**PROBLEM REQUIREMENTS**
Reproduce verbatim all of the data given below, but do not carry over the images.

**ENTRIES SUPPLIED**
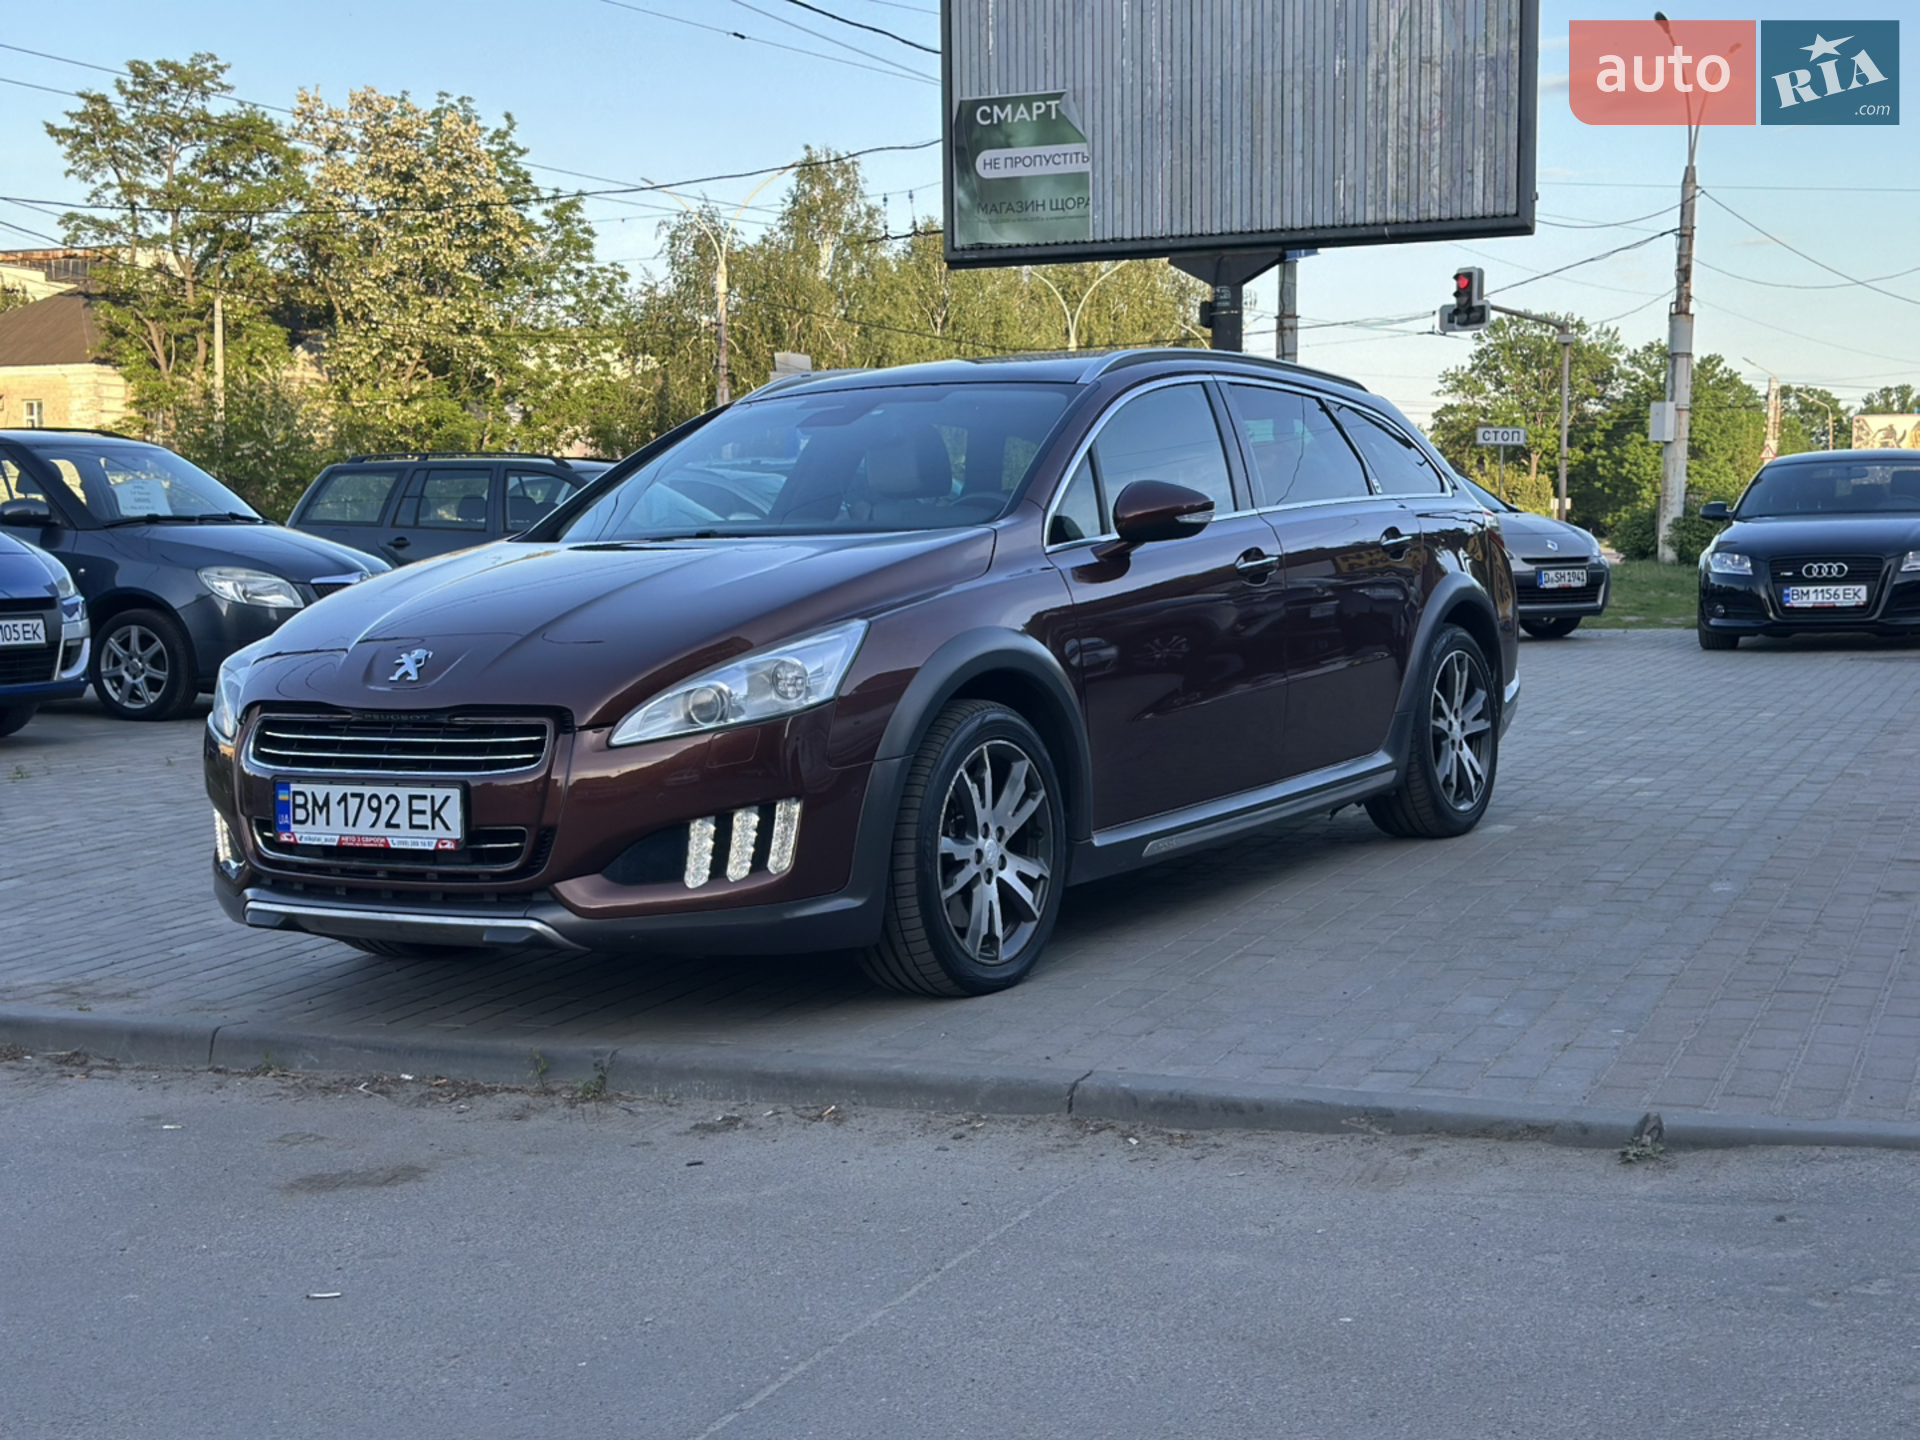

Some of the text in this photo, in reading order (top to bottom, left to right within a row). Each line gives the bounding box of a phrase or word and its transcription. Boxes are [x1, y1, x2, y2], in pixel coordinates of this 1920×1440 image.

[976, 100, 1060, 125] СМАРТ
[983, 151, 1090, 171] НЕ ПРОПУСТІТЬ
[976, 200, 1046, 215] МАГАЗИН
[1482, 430, 1520, 442] СТОП
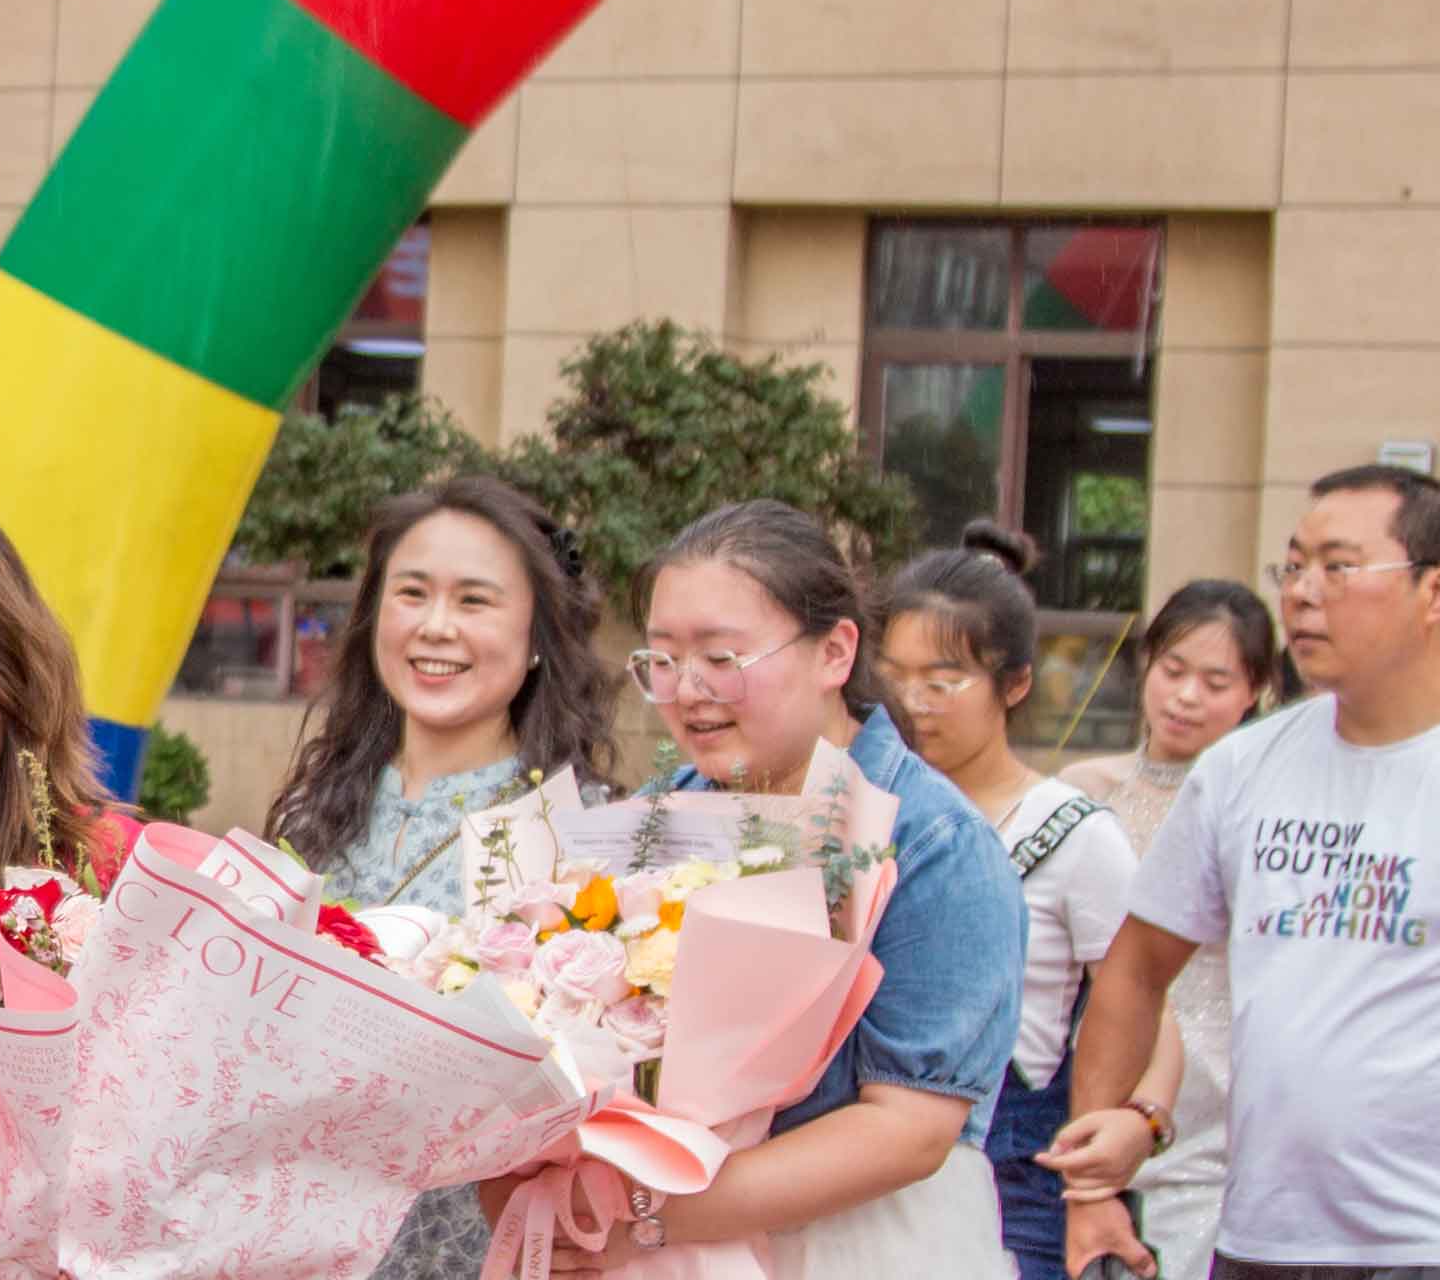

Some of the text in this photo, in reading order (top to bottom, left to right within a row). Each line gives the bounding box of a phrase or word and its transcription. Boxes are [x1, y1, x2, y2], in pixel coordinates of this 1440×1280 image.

**RESPONSE**
Some of the text in this photo, in reading order (top to bottom, left to right within a row). Each line gives the bounding box of a phrase or word and its transcription. Boxes are [x1, y1, x2, y2], in pixel coordinates of this 1920×1440 image.

[976, 100, 1060, 125] СМАРТ
[983, 151, 1090, 171] НЕ ПРОПУСТІТЬ
[976, 200, 1046, 215] МАГАЗИН
[1482, 430, 1520, 442] СТОП

Some of the text in this photo, in reading order (top to bottom, left to right within a row). Each line gives the bounding box of a phrase or word and its transcription. Boxes are [x1, y1, x2, y2], in pixel coordinates of this 1440×1280 image.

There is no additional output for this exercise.